:: Exercise ::
Could the records be returned exactly, with the pictures left out?

(Images for object localization)
================

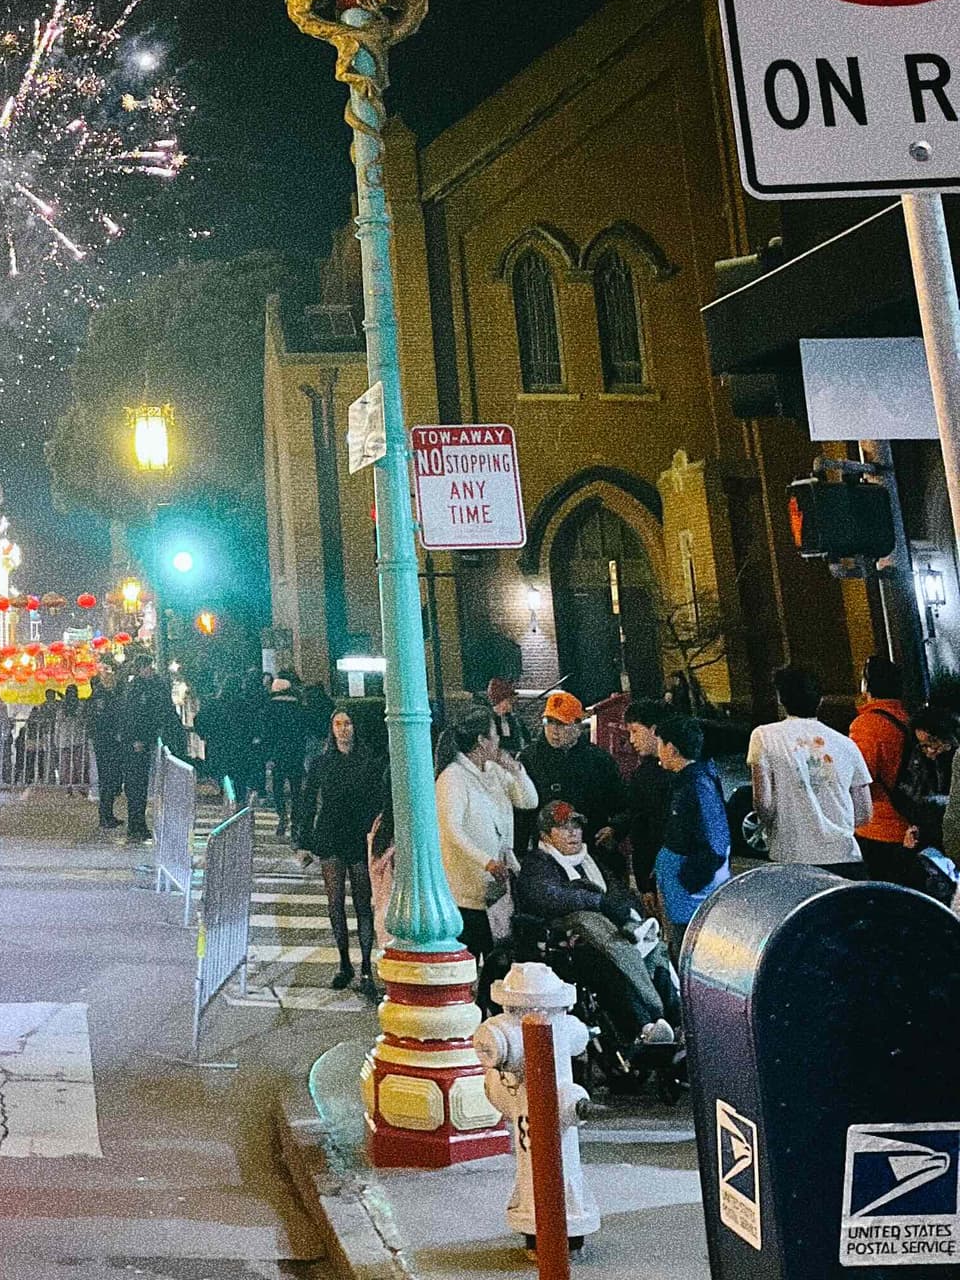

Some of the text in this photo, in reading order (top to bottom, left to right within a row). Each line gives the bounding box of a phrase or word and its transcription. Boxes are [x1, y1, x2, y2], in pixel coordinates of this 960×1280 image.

[763, 56, 868, 130] ON
[418, 429, 505, 445] TOW-AWAY
[416, 447, 511, 475] NO STOPPING
[449, 480, 486, 500] ANY
[448, 503, 493, 525] TIME
[848, 1223, 952, 1240] UNITED STATES
[846, 1239, 957, 1256] POSTAL SERVICE
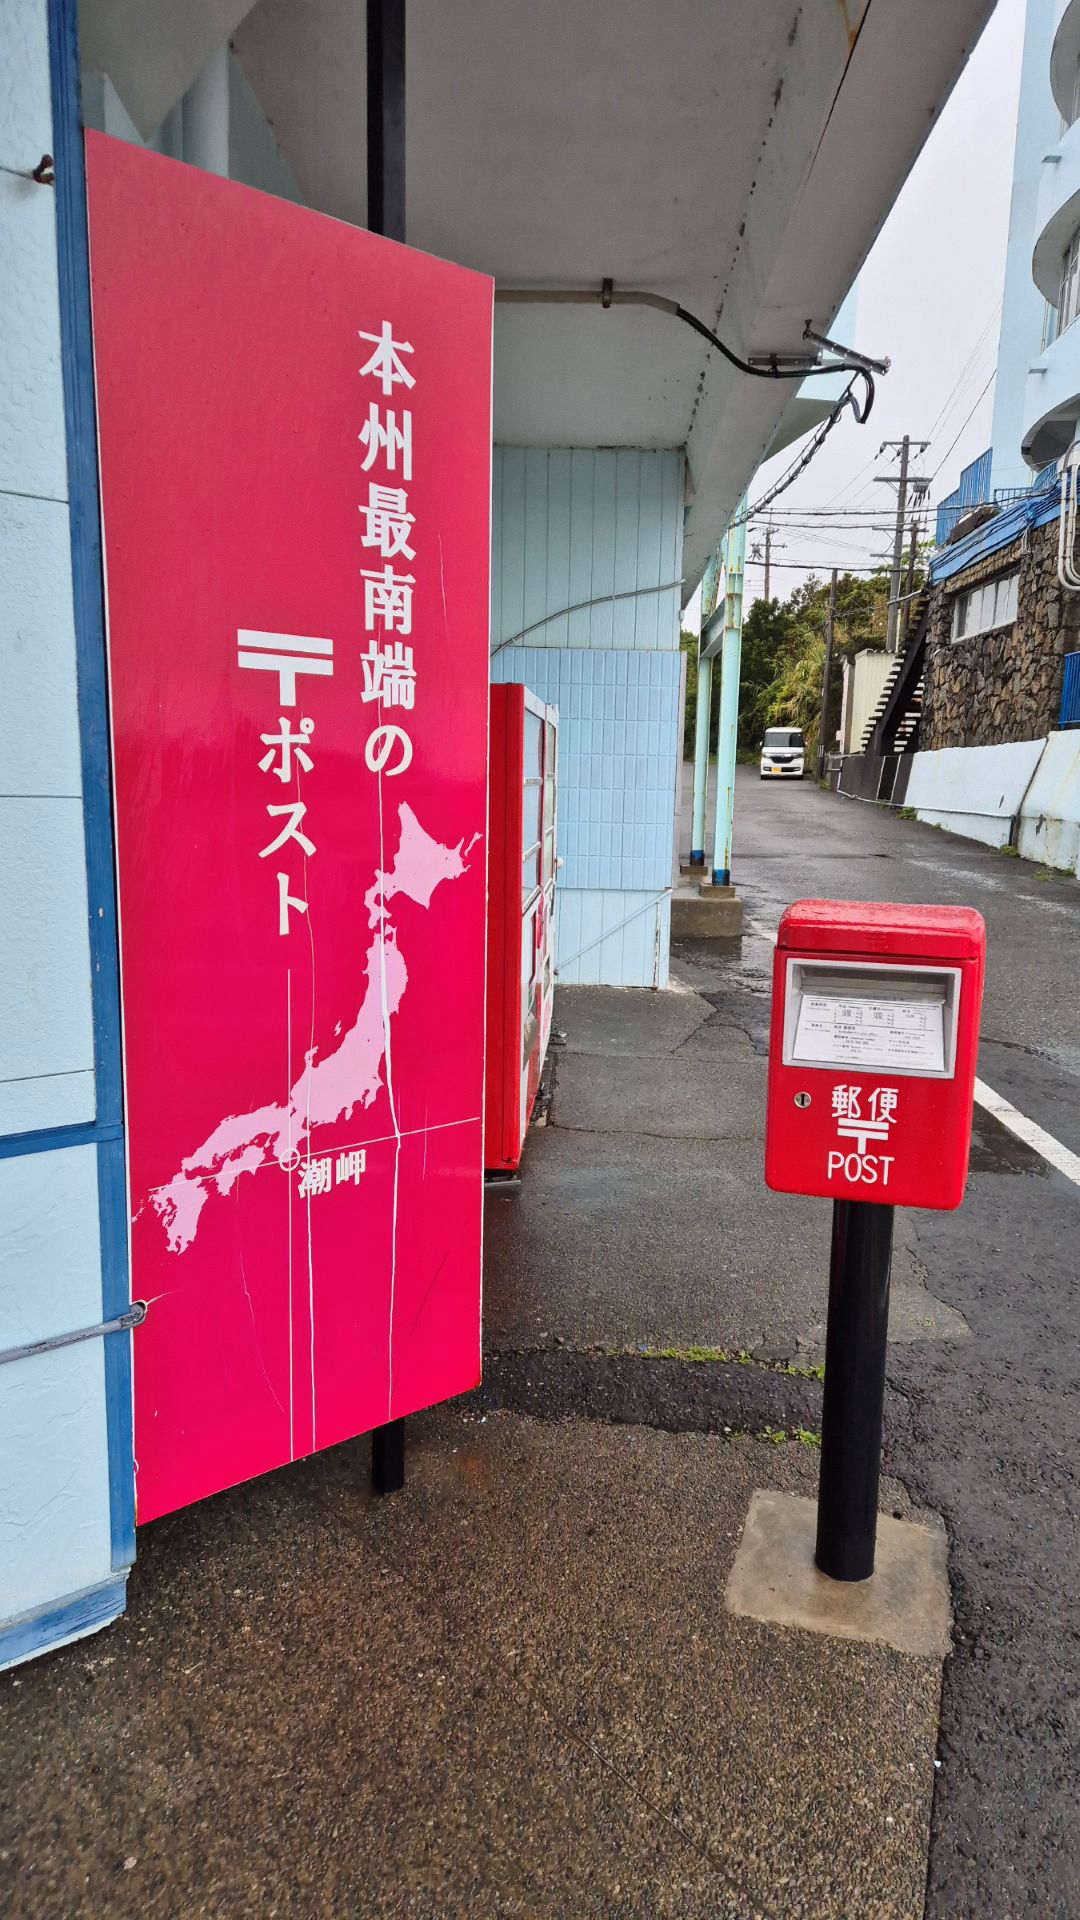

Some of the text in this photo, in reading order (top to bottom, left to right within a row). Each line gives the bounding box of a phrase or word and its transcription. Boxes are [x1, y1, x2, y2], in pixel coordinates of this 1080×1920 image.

[358, 320, 416, 776] 本州最南端の
[831, 1084, 899, 1123] 郵便
[297, 1149, 366, 1199] 潮岬
[827, 1151, 895, 1186] POST
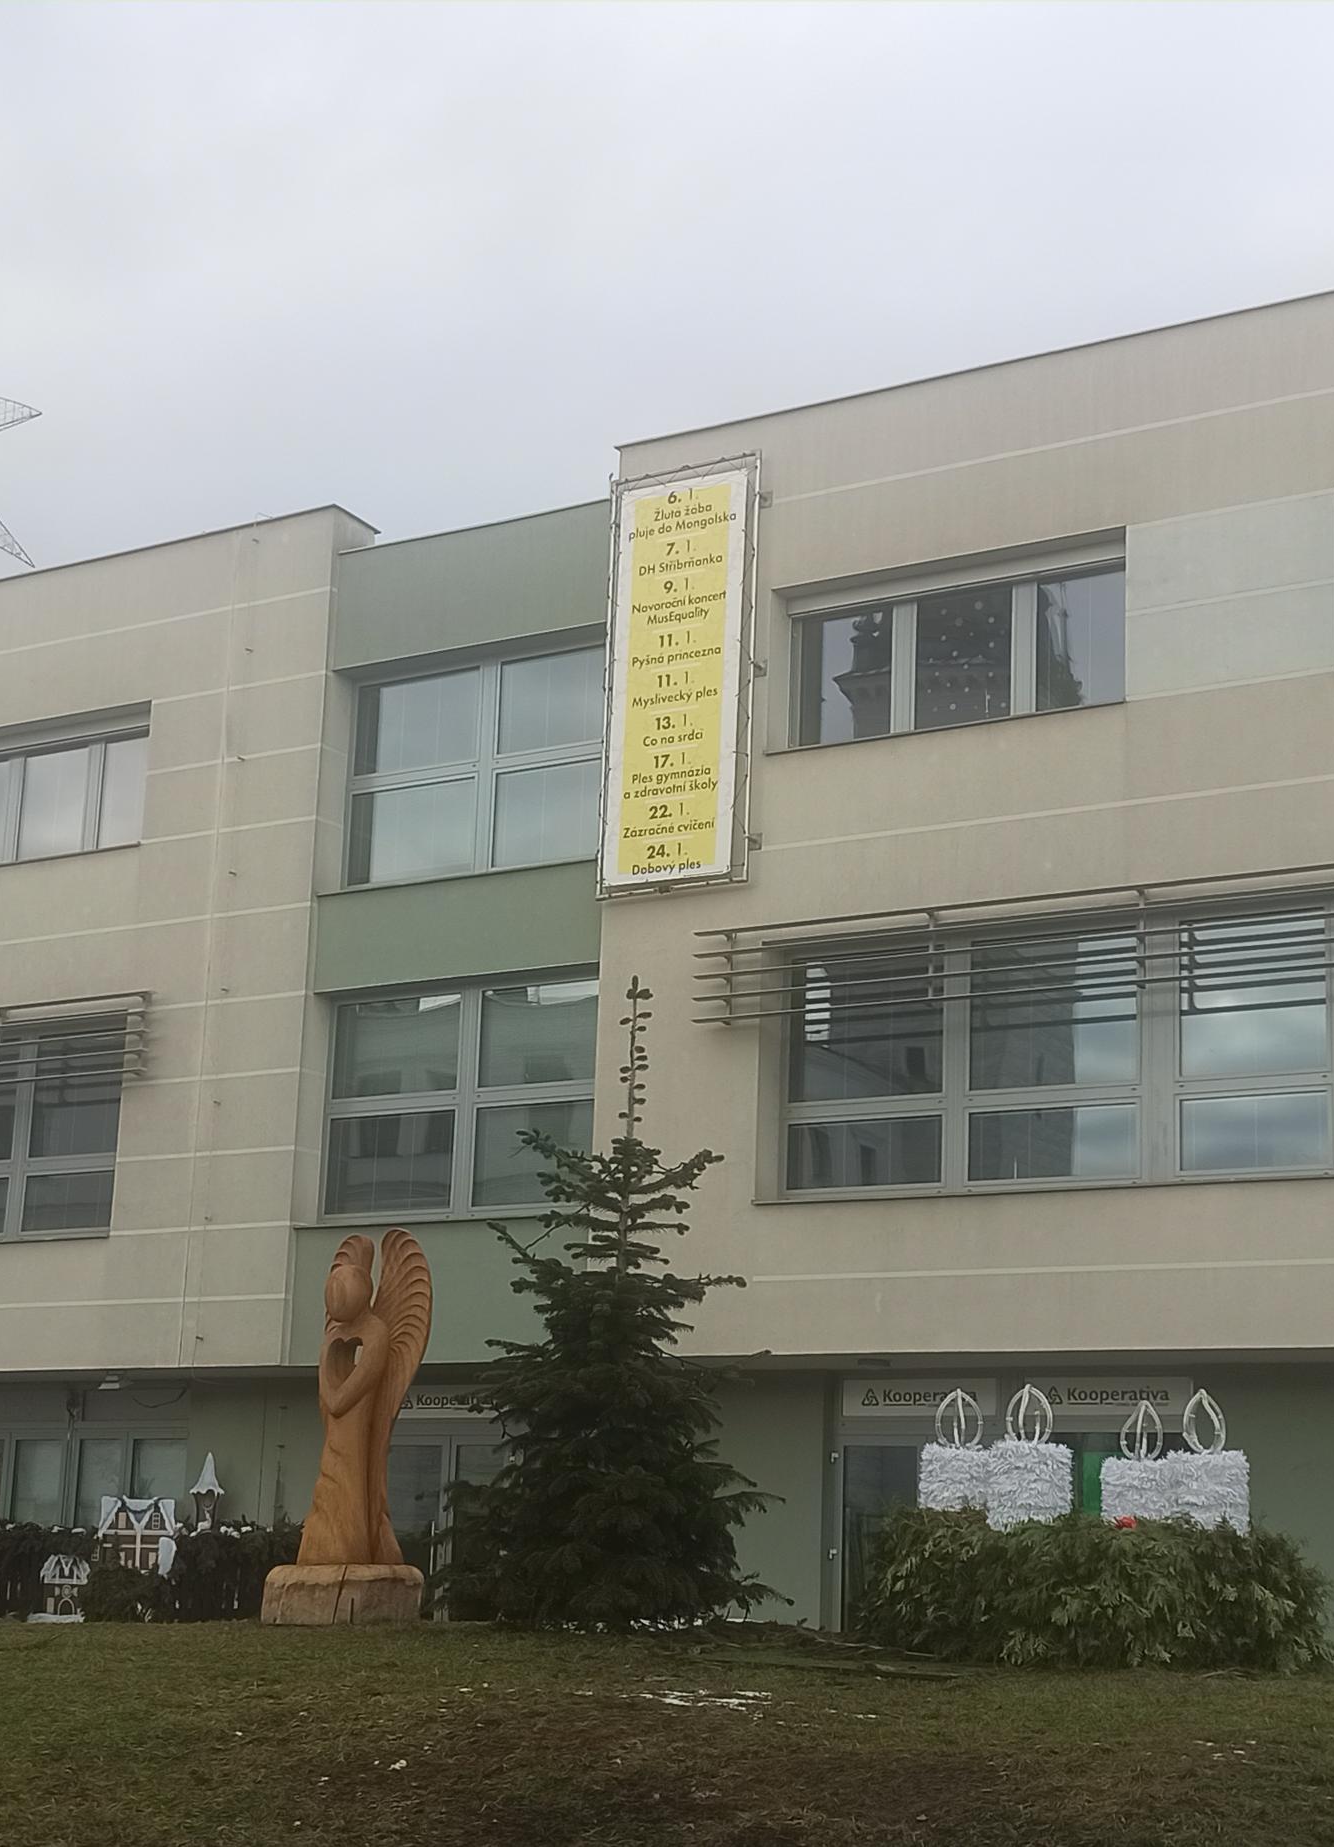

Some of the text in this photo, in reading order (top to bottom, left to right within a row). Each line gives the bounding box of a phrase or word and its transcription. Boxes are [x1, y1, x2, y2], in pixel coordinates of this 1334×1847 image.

[667, 487, 699, 504] 6. 1.
[654, 502, 713, 522] Žlutá žába
[628, 511, 737, 541] pluje do Mongolska
[666, 539, 697, 556] 7. 1.
[639, 560, 656, 576] DH
[663, 577, 695, 593] 9. 1.
[631, 590, 727, 614] Novoroční koncert
[647, 607, 710, 626] MusEquality
[659, 630, 697, 648] 11. 1.
[632, 646, 722, 669] Pyšná princezna
[657, 671, 695, 688] 11. 1.
[632, 685, 718, 709] Myslivecký ples
[655, 713, 693, 731] 13. 1.
[643, 729, 704, 747] Co na srdci
[653, 752, 692, 769] 17. 1.
[632, 765, 712, 785] Ples gymnázia
[623, 779, 719, 800] a zdravotní školy
[649, 802, 690, 820] 22. 1.
[623, 816, 715, 839] Zázračné cvičení
[647, 843, 688, 860] 24. 1.
[632, 858, 702, 876] Dobový ples
[883, 1389, 976, 1405] Kooperaa
[1067, 1386, 1170, 1405] Kooperativa

================

:: Written answer ::
Some of the text in this photo, in reading order (top to bottom, left to right within a row). Each line gives the bounding box of a phrase or word and its transcription. Boxes are [x1, y1, x2, y2], in pixel coordinates of this 960×1280 image.

[763, 56, 868, 130] ON
[418, 429, 505, 445] TOW-AWAY
[416, 447, 511, 475] NO STOPPING
[449, 480, 486, 500] ANY
[448, 503, 493, 525] TIME
[848, 1223, 952, 1240] UNITED STATES
[846, 1239, 957, 1256] POSTAL SERVICE

Some of the text in this photo, in reading order (top to bottom, left to right within a row). Each line gives the bounding box of a phrase or word and its transcription. Boxes are [x1, y1, x2, y2], in pixel coordinates of this 1080×1920 image.

[358, 320, 416, 776] 本州最南端の
[831, 1084, 899, 1123] 郵便
[297, 1149, 366, 1199] 潮岬
[827, 1151, 895, 1186] POST

Some of the text in this photo, in reading order (top to bottom, left to right within a row). Each line gives the bounding box of a phrase or word and its transcription. Boxes are [x1, y1, x2, y2], in pixel coordinates of this 1334×1847 image.

[667, 487, 699, 504] 6. 1.
[654, 502, 713, 522] Žlutá žába
[628, 511, 737, 541] pluje do Mongolska
[666, 539, 697, 556] 7. 1.
[639, 560, 656, 576] DH
[663, 577, 695, 593] 9. 1.
[631, 590, 727, 614] Novoroční koncert
[647, 607, 710, 626] MusEquality
[659, 630, 697, 648] 11. 1.
[632, 646, 722, 669] Pyšná princezna
[657, 671, 695, 688] 11. 1.
[632, 685, 718, 709] Myslivecký ples
[655, 713, 693, 731] 13. 1.
[643, 729, 704, 747] Co na srdci
[653, 752, 692, 769] 17. 1.
[632, 765, 712, 785] Ples gymnázia
[623, 779, 719, 800] a zdravotní školy
[649, 802, 690, 820] 22. 1.
[623, 816, 715, 839] Zázračné cvičení
[647, 843, 688, 860] 24. 1.
[632, 858, 702, 876] Dobový ples
[883, 1389, 976, 1405] Kooperaa
[1067, 1386, 1170, 1405] Kooperativa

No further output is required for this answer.